**TASK ITEM:** If a record holds a picture, drop the picture and copy everything else exactly.

**SUPPLIED RECORDS:**

== == ==

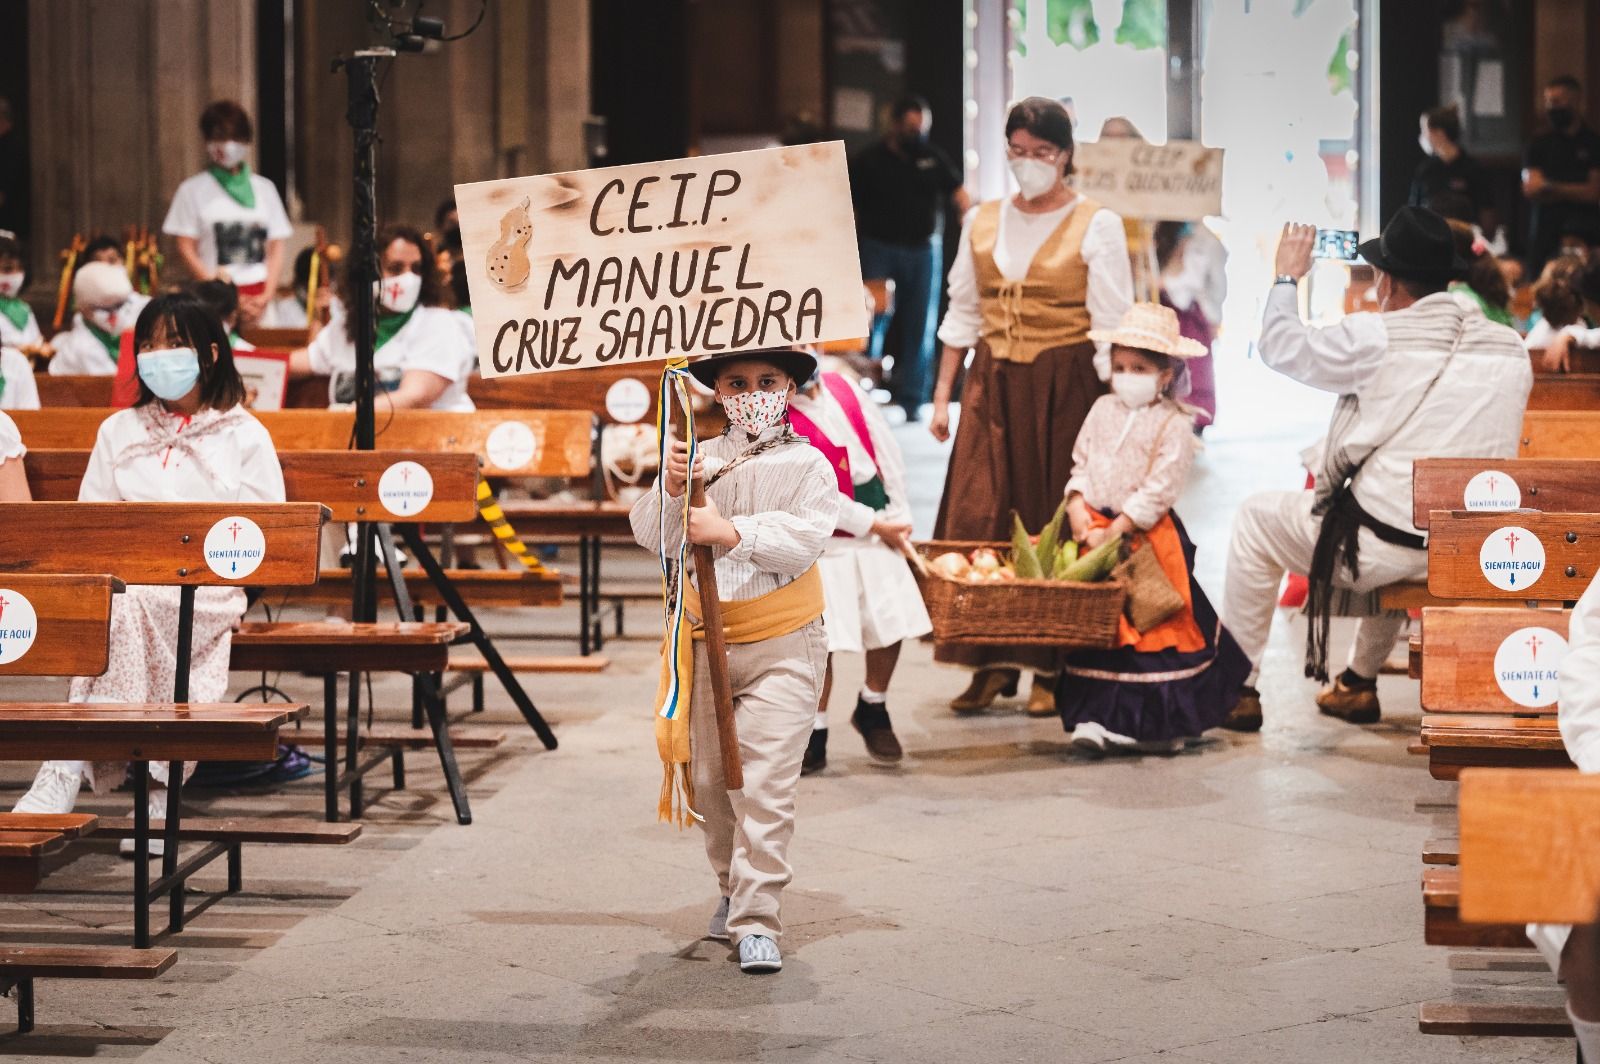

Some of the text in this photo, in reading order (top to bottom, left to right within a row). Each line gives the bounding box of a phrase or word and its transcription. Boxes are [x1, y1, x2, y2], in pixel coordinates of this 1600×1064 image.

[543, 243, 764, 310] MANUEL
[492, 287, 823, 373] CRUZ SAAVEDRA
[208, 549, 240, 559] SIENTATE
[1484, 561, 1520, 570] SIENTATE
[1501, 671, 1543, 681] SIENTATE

== == ==

**EXERCISE RESPONSE:**
Some of the text in this photo, in reading order (top to bottom, left to right within a row). Each line gives the bounding box of a phrase or word and its transcription. Boxes are [x1, y1, x2, y2], in pixel coordinates of this 1600×1064 image.

[543, 243, 764, 310] MANUEL
[492, 287, 823, 373] CRUZ SAAVEDRA
[208, 549, 240, 559] SIENTATE
[1484, 561, 1520, 570] SIENTATE
[1501, 671, 1543, 681] SIENTATE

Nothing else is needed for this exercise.